§ **What you will do**
From the listing below, extract each entry exactly as written, minus the images.
#####
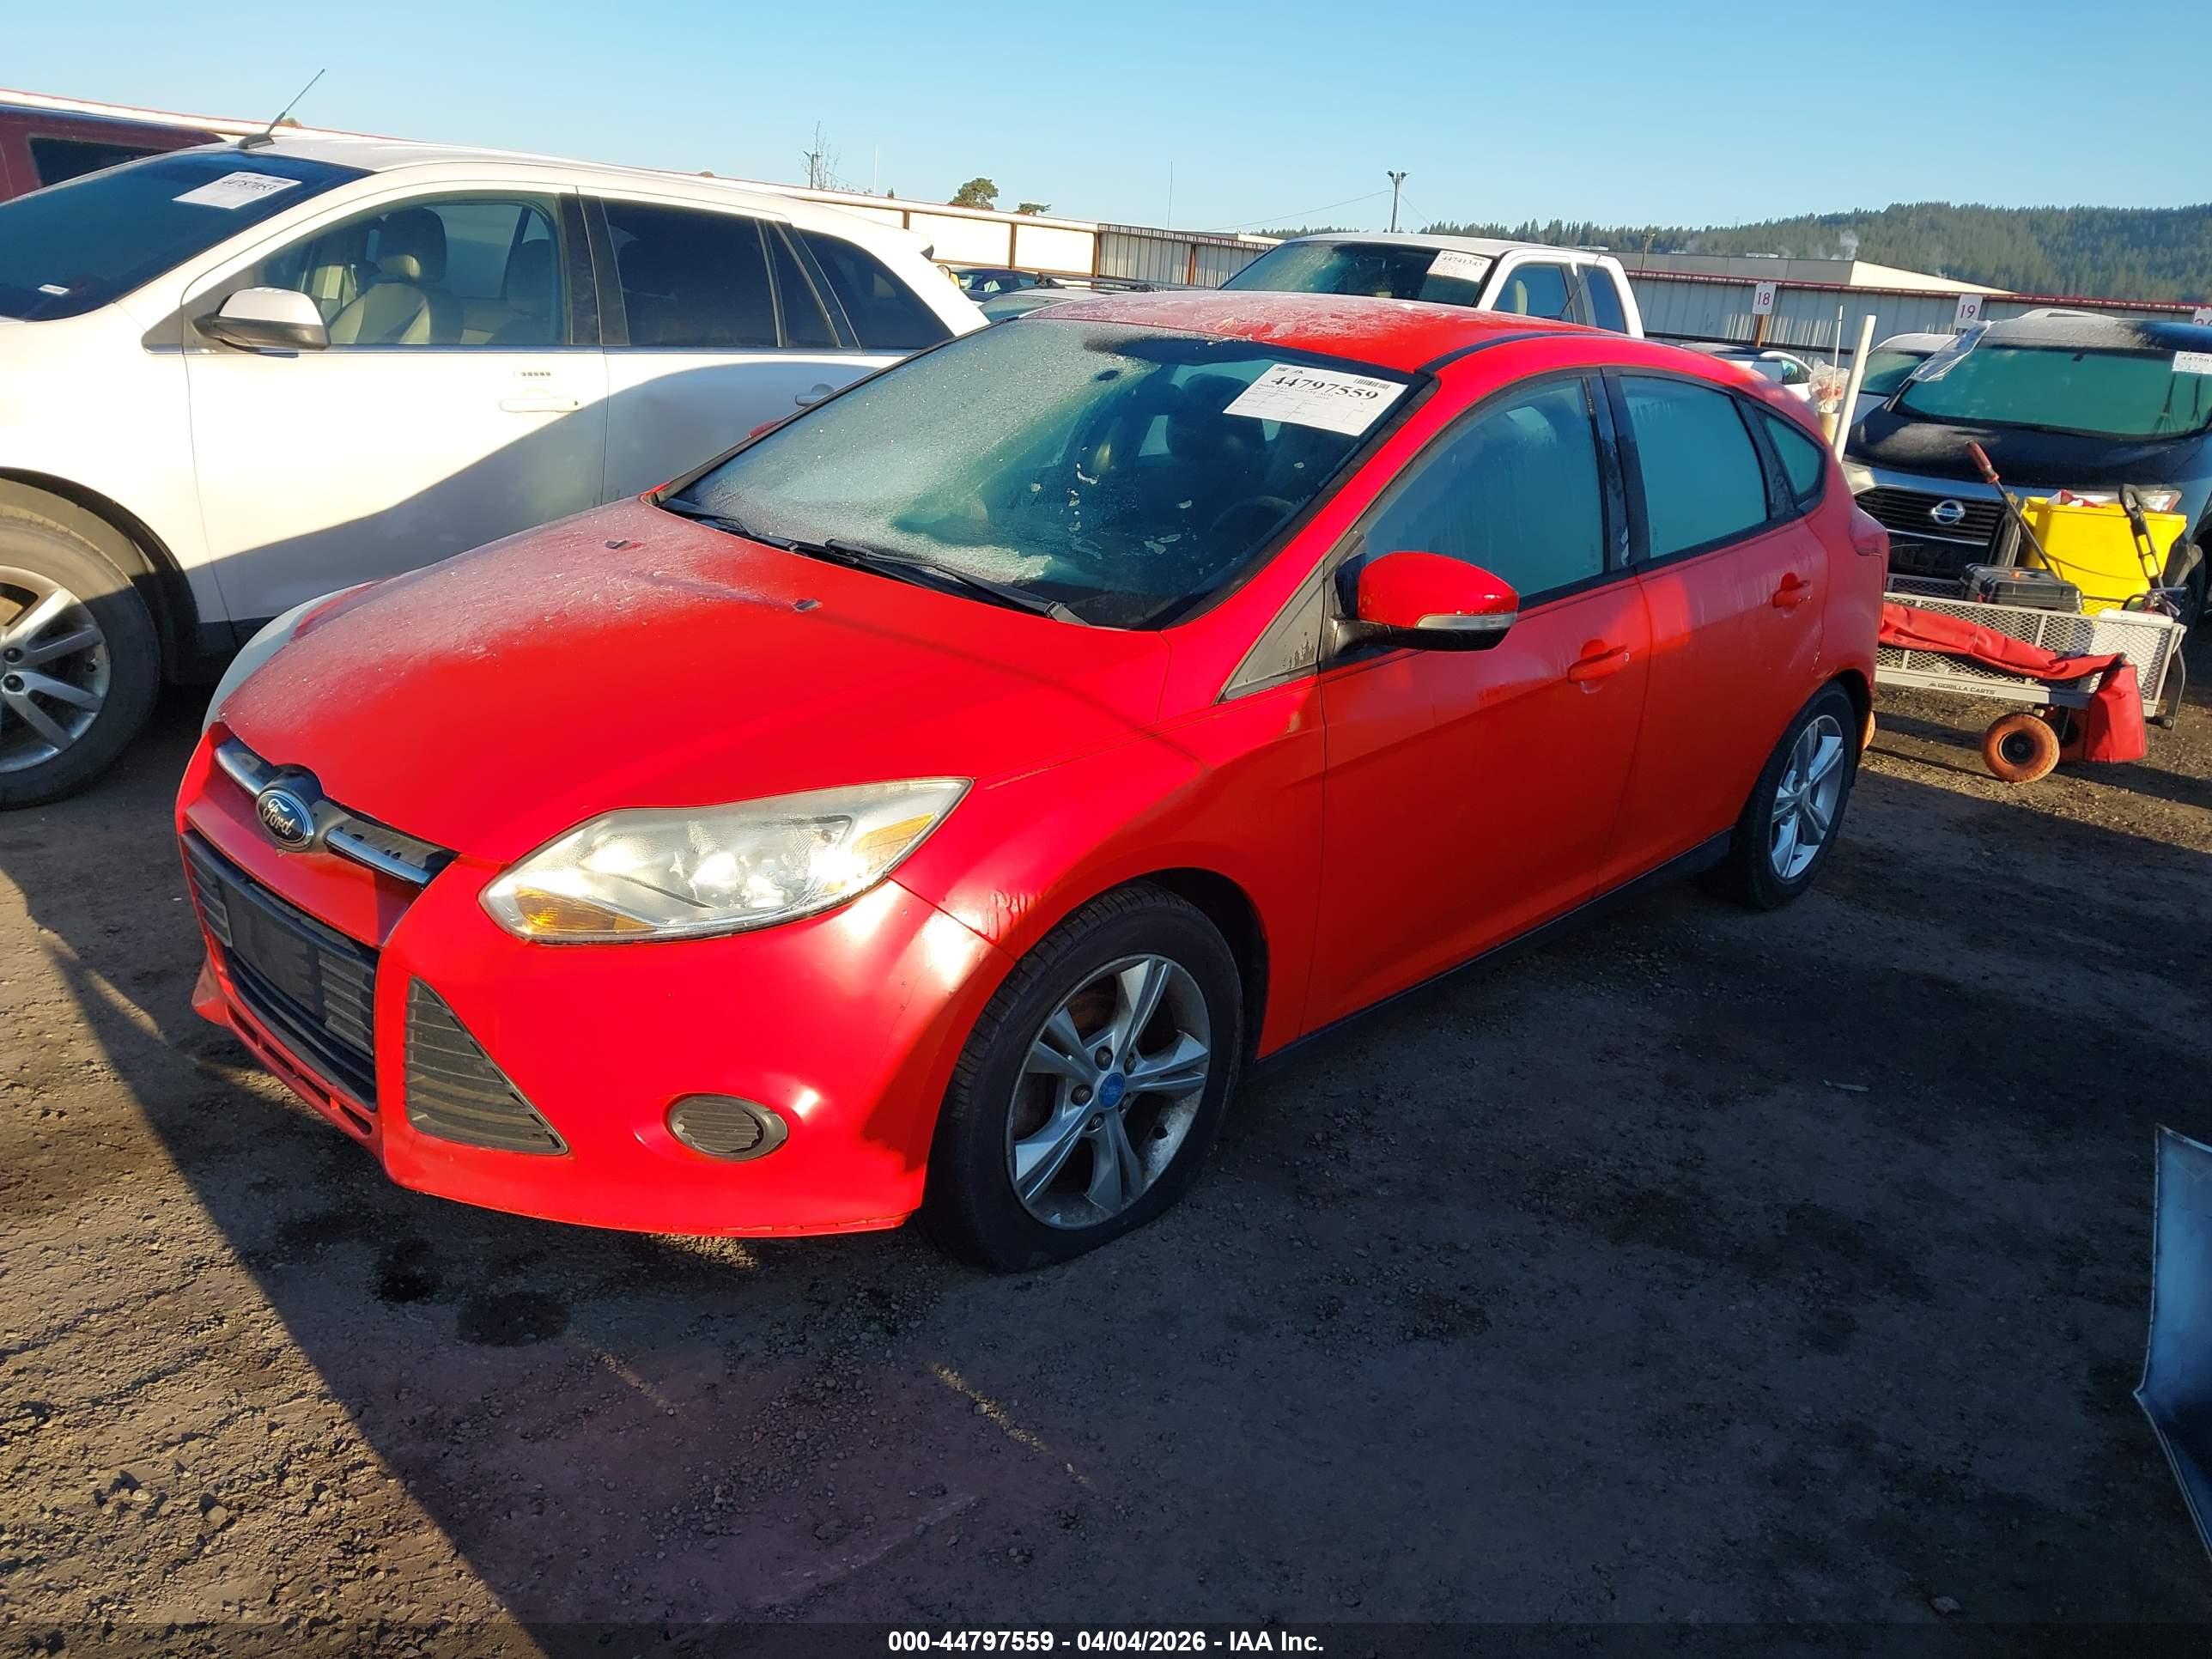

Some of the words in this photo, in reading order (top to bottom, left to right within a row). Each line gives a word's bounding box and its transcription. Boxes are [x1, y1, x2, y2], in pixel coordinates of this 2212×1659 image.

[1757, 292, 1771, 306] 18
[1960, 304, 1976, 319] 19
[1270, 375, 1379, 401] 44797559
[1937, 682, 1968, 691] GORILLA
[263, 798, 296, 836] Ford
#####
§ **Reply to the exercise**
Some of the words in this photo, in reading order (top to bottom, left to right within a row). Each line gives a word's bounding box and its transcription. Boxes are [x1, y1, x2, y2], in pixel coordinates of this 2212×1659 image.

[1757, 292, 1771, 306] 18
[1960, 304, 1976, 319] 19
[1270, 375, 1379, 401] 44797559
[1937, 682, 1968, 691] GORILLA
[263, 798, 296, 836] Ford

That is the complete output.